Chapter 17

The croquet party to which the Princess Tverskaia had invited Anna was to consist of two ladies and their adorers. These two ladies were the chief representatives of a select new Peterburg circle, nicknamed, in imitation of some imitation, Les sept merveilles du monde. These ladies belonged to a circle which, though of the highest society, was utterly hostile to that in which Anna moved. Moreover, old Stremov, one of the most influential people in Peterburg, and the admirer of Liza Merkalova, was Alexei Alexandrovich's enemy in the political world. From all these considerations Anna had not meant to go, and the hints in Princess Tverskaia's note referred to her refusal. But now Anna was eager to go, in the hope of seeing Vronsky.

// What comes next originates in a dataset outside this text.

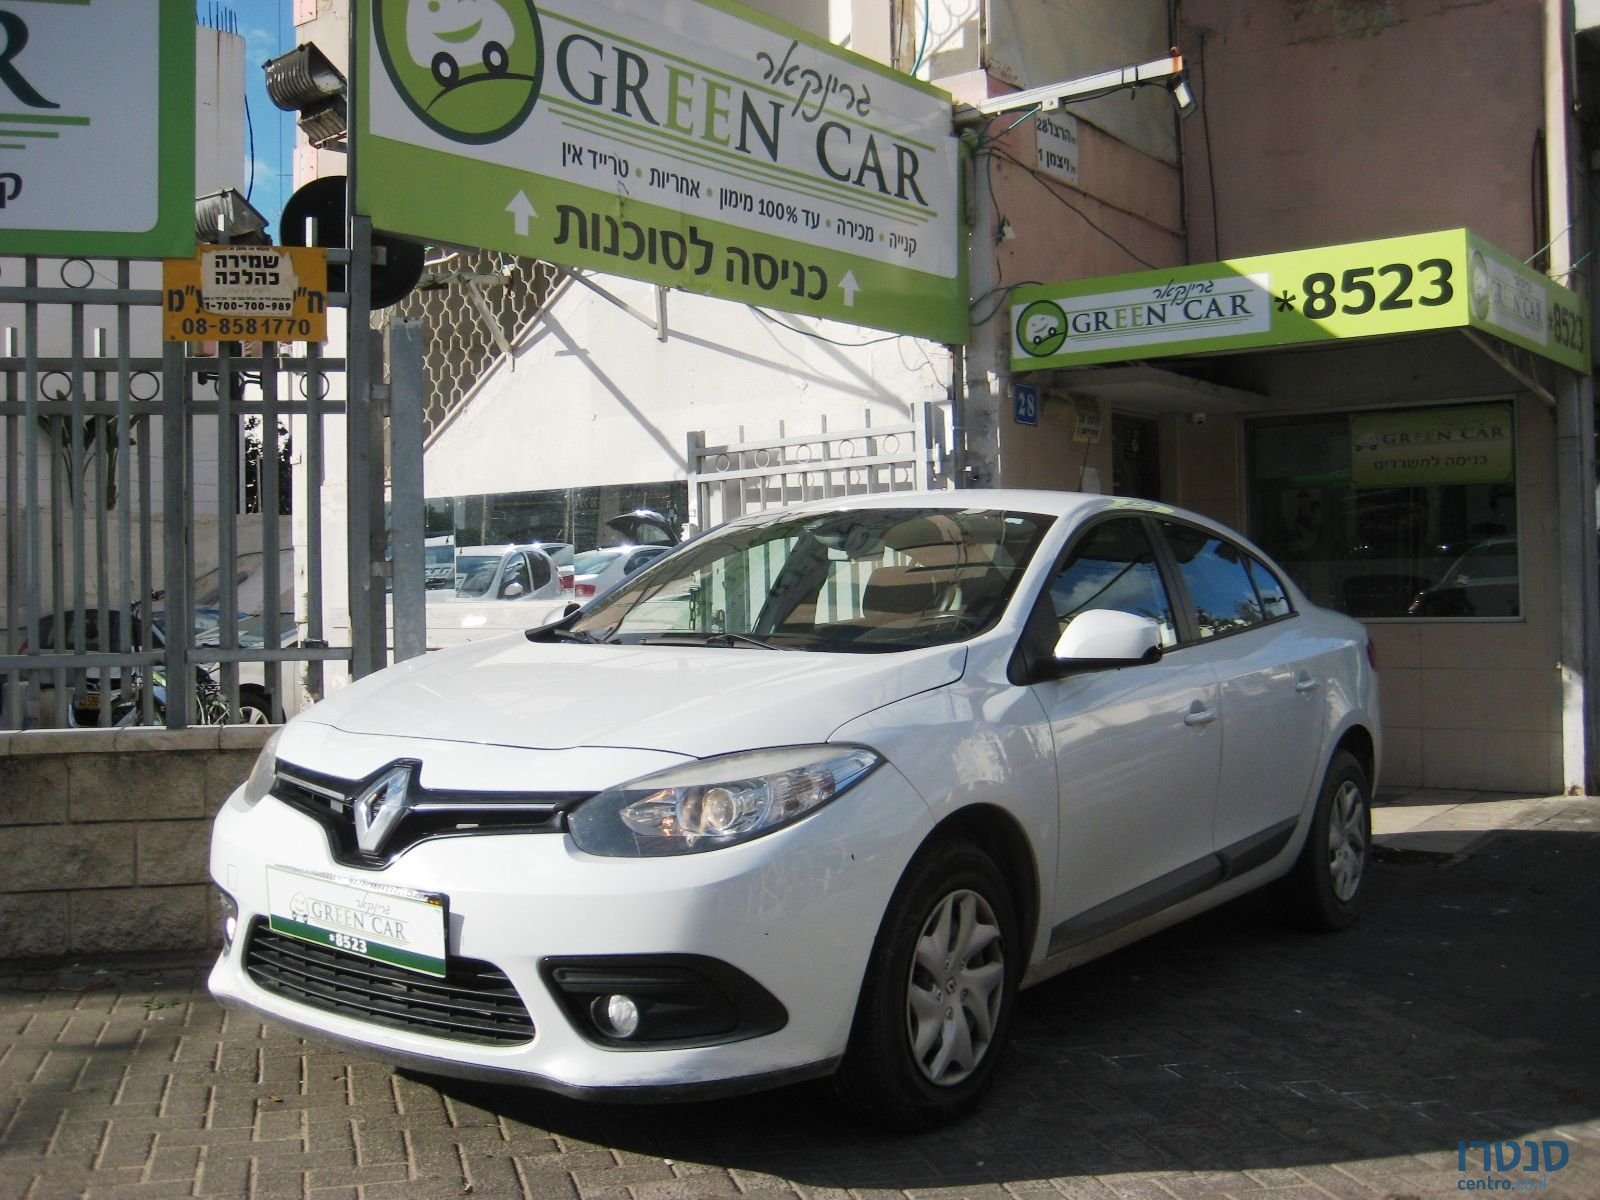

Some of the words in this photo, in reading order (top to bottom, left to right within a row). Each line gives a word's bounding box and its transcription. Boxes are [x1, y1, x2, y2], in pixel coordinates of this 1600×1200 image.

Anna arrived at Princess Tverskaia's earlier than the other guests.

At the very moment of her entry, Vronsky's footman, with his side whiskers combed out, and looking like a Kammerjunker, went in too. He stopped at the door, and, taking off his cap, let her pass. Anna recognized him, and only then recalled that Vronsky had told her the day before that he would not come. Most likely he was sending a note to say so.

As she took off her outer garment in the hall, she heard the footman say, rolling his r's even like a Kammerjunker: `From the Count for the Princess,' as he handed over the note.

She longed to question him as to where his master was. She longed to turn back and send him a letter to come and see her, or to go herself to see him. But none of the three courses was possible. Already she heard bells ringing ahead of her to announce her arrival, and Princess Tverskaia's footman was standing at the open door waiting for her to pass into the inner rooms.

`The Princess is in the garden; she will be informed immediately. Would you be pleased to walk into the garden?' announced another footman in another room.

The position of uncertainty, of indecision, was still the same as at home - worse, in fact, since it was impossible to take any step, impossible to see Vronsky, and she had to remain here among outsiders, in company so uncongenial to her present mood. But she was wearing a dress that she knew suited her. She was not alone; all around was that luxurious setting of idleness that she was used to, and she felt less wretched than at home. She was not forced to think what she had to do. Everything would be done of itself. On meeting Betsy coming toward her in a white gown that struck her by its elegance, Anna smiled to her just as she always did. Princess Tverskaia was walking with Tushkevich and a young lady, a relation, who, to the great joy of her parents in the provinces, was spending the summer with the fashionable Princess.

There was probably something unusual about Anna, for Betsy noticed it at once.

`I slept badly,' answered Anna, looking intently at the footman who came to meet them, and, as she supposed, brought Vronsky's note.

`How glad I am you've come!' said Betsy. `I'm tired, and was just longing to have some tea before they come. You might go,' she turned to Tushkevich, `with Masha, and try the croquet ground over there, where they've been clipping it. We shall have time to talk a little over tea, we'll have a cozy chat, eh?' she said in English to Anna, with a smile, pressing the hand which held a parasol.

`Yes, especially as I can't stay very long with you. I'm forced to go on to old Madame Vrede. I've been promising to go for a century,' said Anna, to whom lying, alien as it was to her nature, had become not merely simple and natural in society, but a positive source of satisfaction. Why she said this, which she had not thought of a second before, she could not have explained. She had said it simply from the reflection that as Vronsky would not be here, she had better secure her own freedom, and try to see him somehow. But why she had spoken of old Hoffraulein Vrede, whom she had to go and see, as she had to see many other people, she could not have explained; and yet, as it afterward turned out, had she cudgeled her brains for the most cunning subterfuge to meet Vronsky, she could have thought of nothing better.